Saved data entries
================

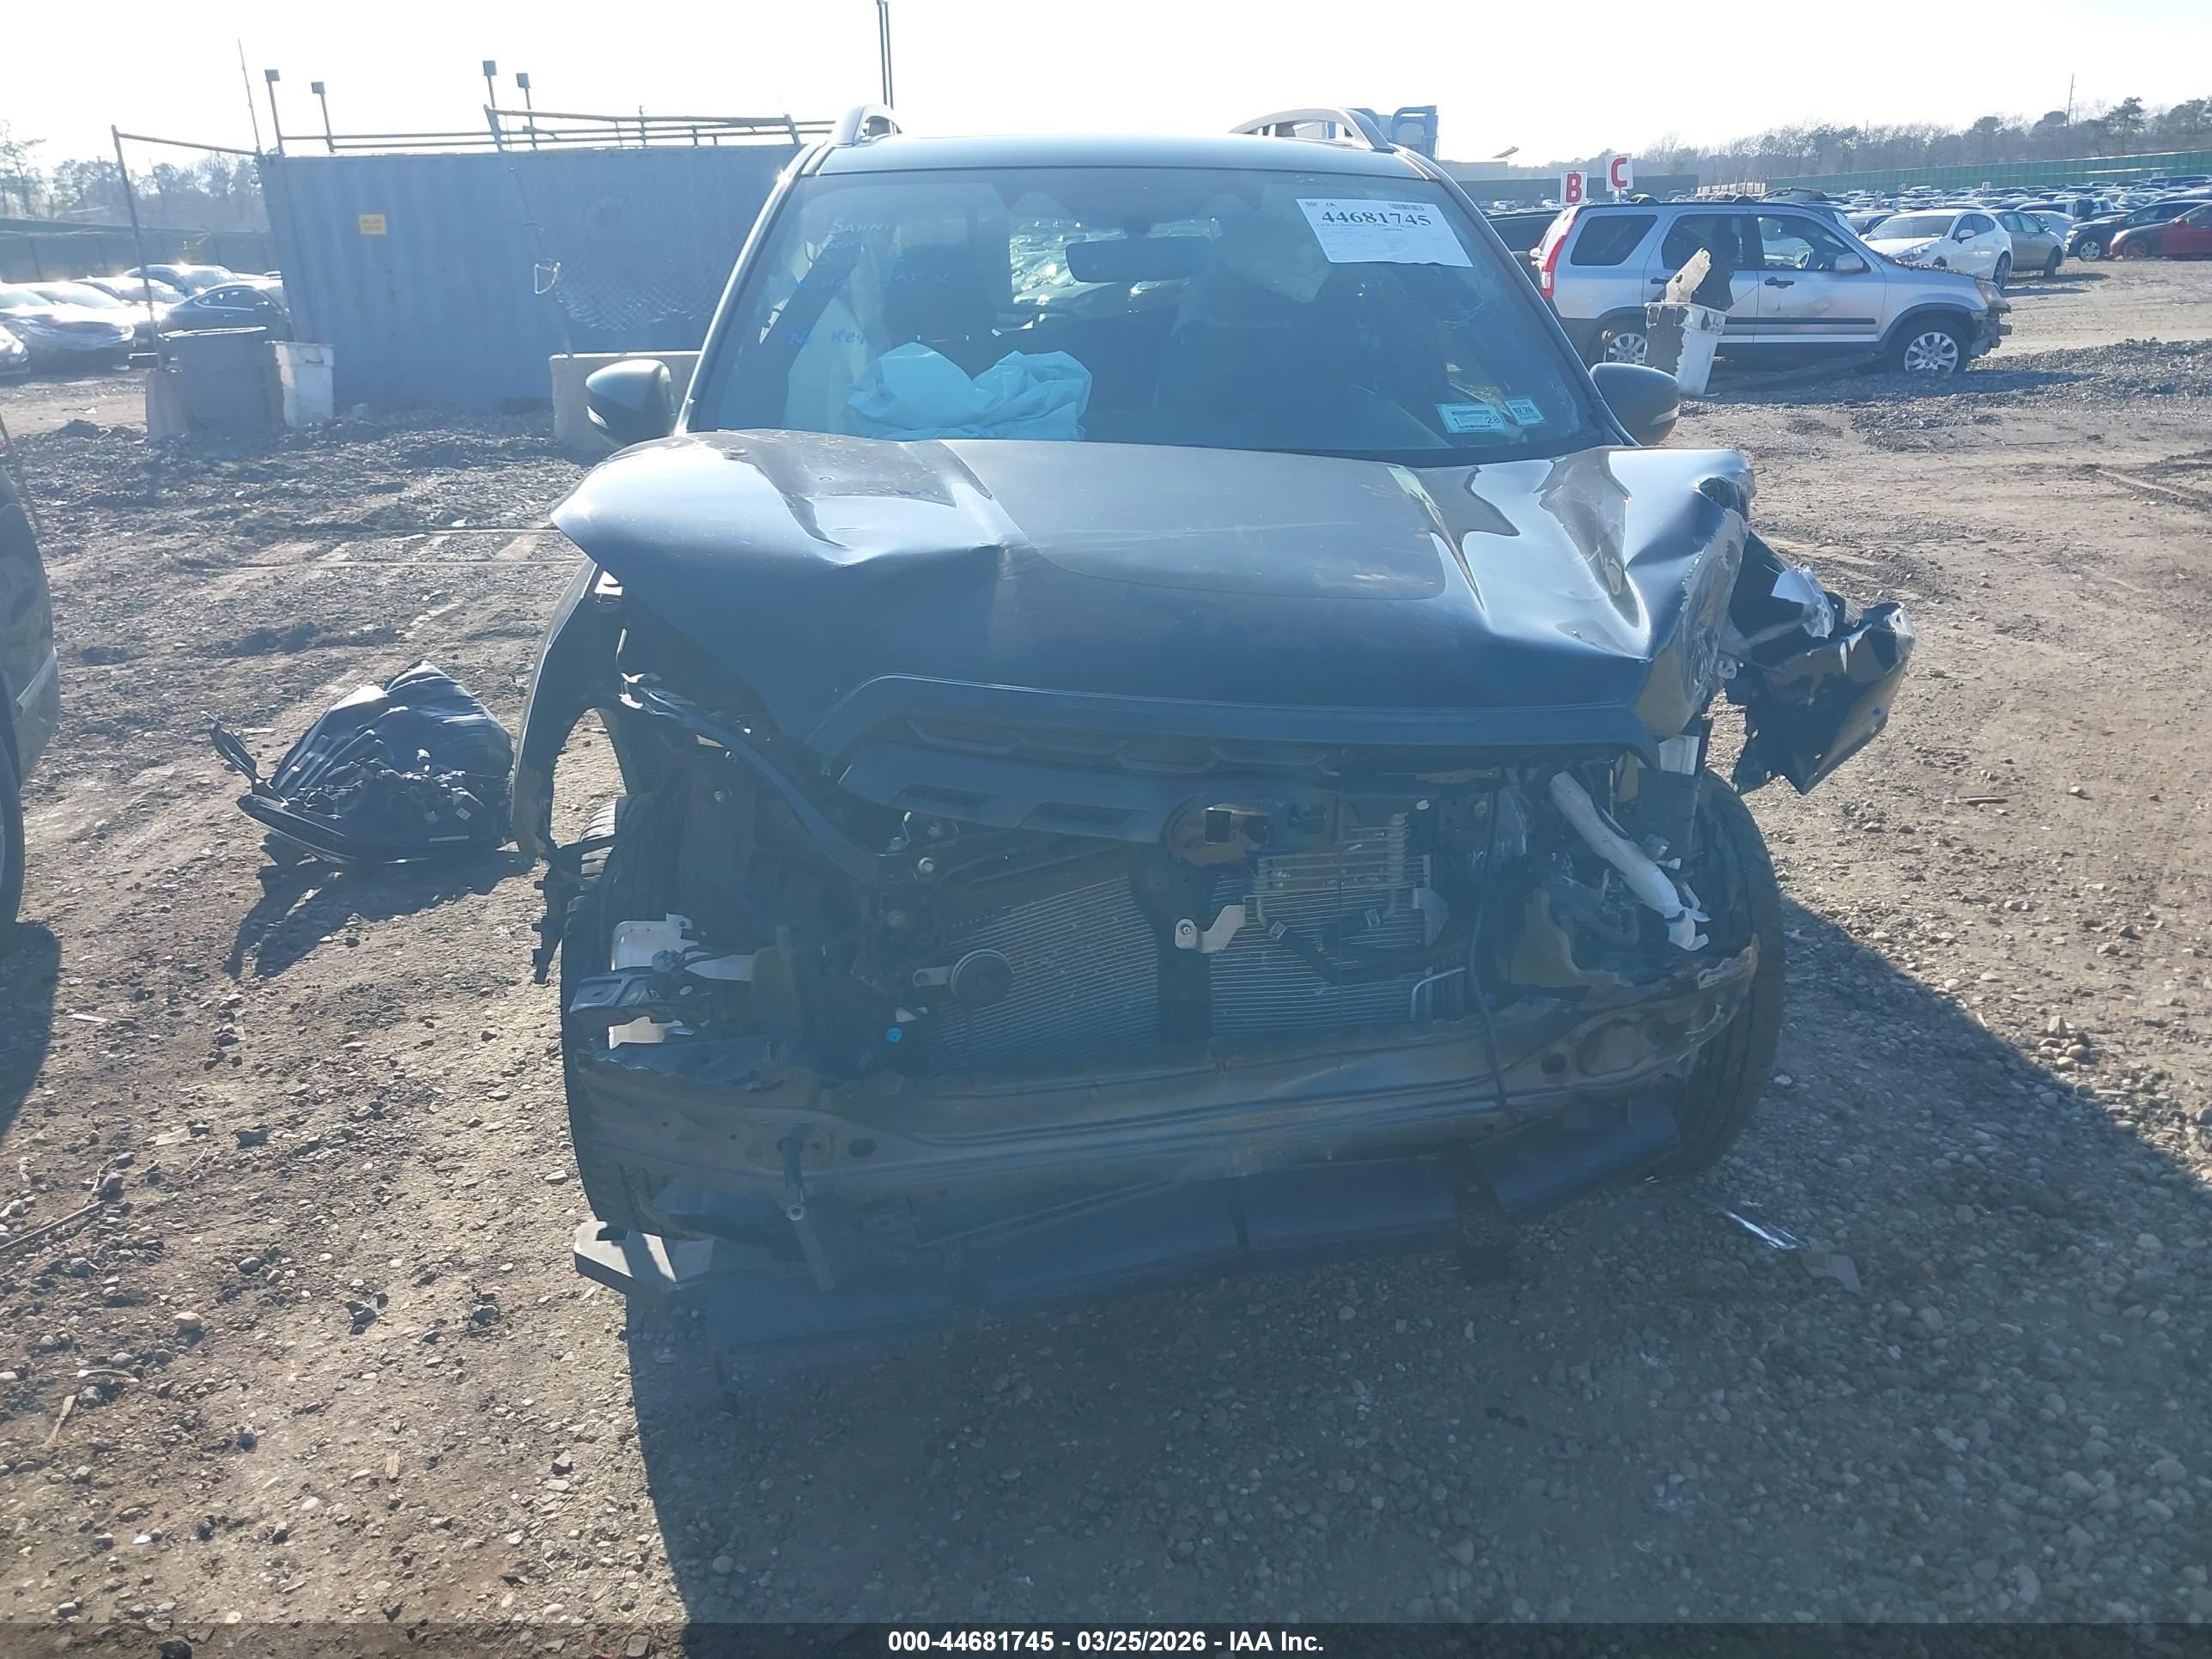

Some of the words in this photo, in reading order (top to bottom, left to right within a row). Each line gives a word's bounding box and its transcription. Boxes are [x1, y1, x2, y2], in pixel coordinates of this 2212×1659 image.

[1610, 156, 1628, 188] C
[1565, 173, 1583, 204] B
[1322, 210, 1431, 227] 44681745
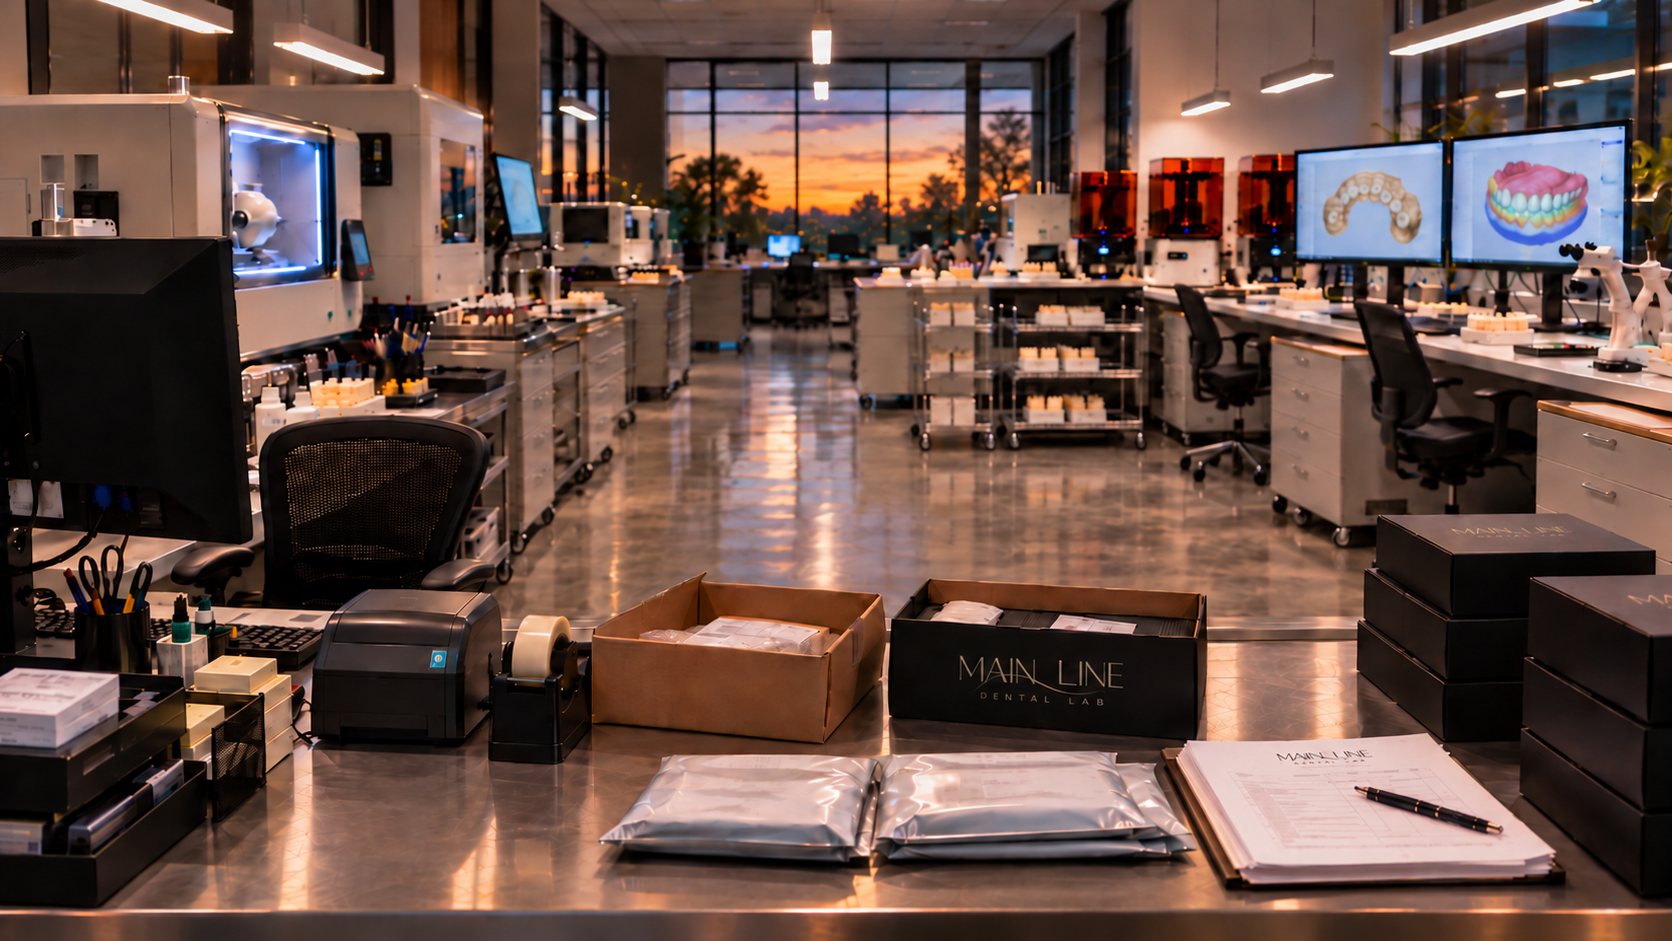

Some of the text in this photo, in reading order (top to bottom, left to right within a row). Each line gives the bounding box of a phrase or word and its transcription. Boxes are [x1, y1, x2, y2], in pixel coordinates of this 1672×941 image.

[958, 655, 1124, 689] MAIN LINE
[979, 691, 1104, 707] DENTAL LAB
[1276, 752, 1324, 761] MAIN

================

TRY IT
The entries above are to be printed again word for word, with every picture removed.

RESULT BELOW
Some of the words in this photo, in reading order (top to bottom, left to right within a row). Each line gives a word's bounding box and its transcription. Boxes are [x1, y1, x2, y2], in pixel coordinates of this 2212×1659 image.

[1610, 156, 1628, 188] C
[1565, 173, 1583, 204] B
[1322, 210, 1431, 227] 44681745

Some of the text in this photo, in reading order (top to bottom, left to right within a row). Each line gives the bounding box of a phrase or word and its transcription. Boxes are [x1, y1, x2, y2], in pixel coordinates of this 1672×941 image.

[958, 655, 1124, 689] MAIN LINE
[979, 691, 1104, 707] DENTAL LAB
[1276, 752, 1324, 761] MAIN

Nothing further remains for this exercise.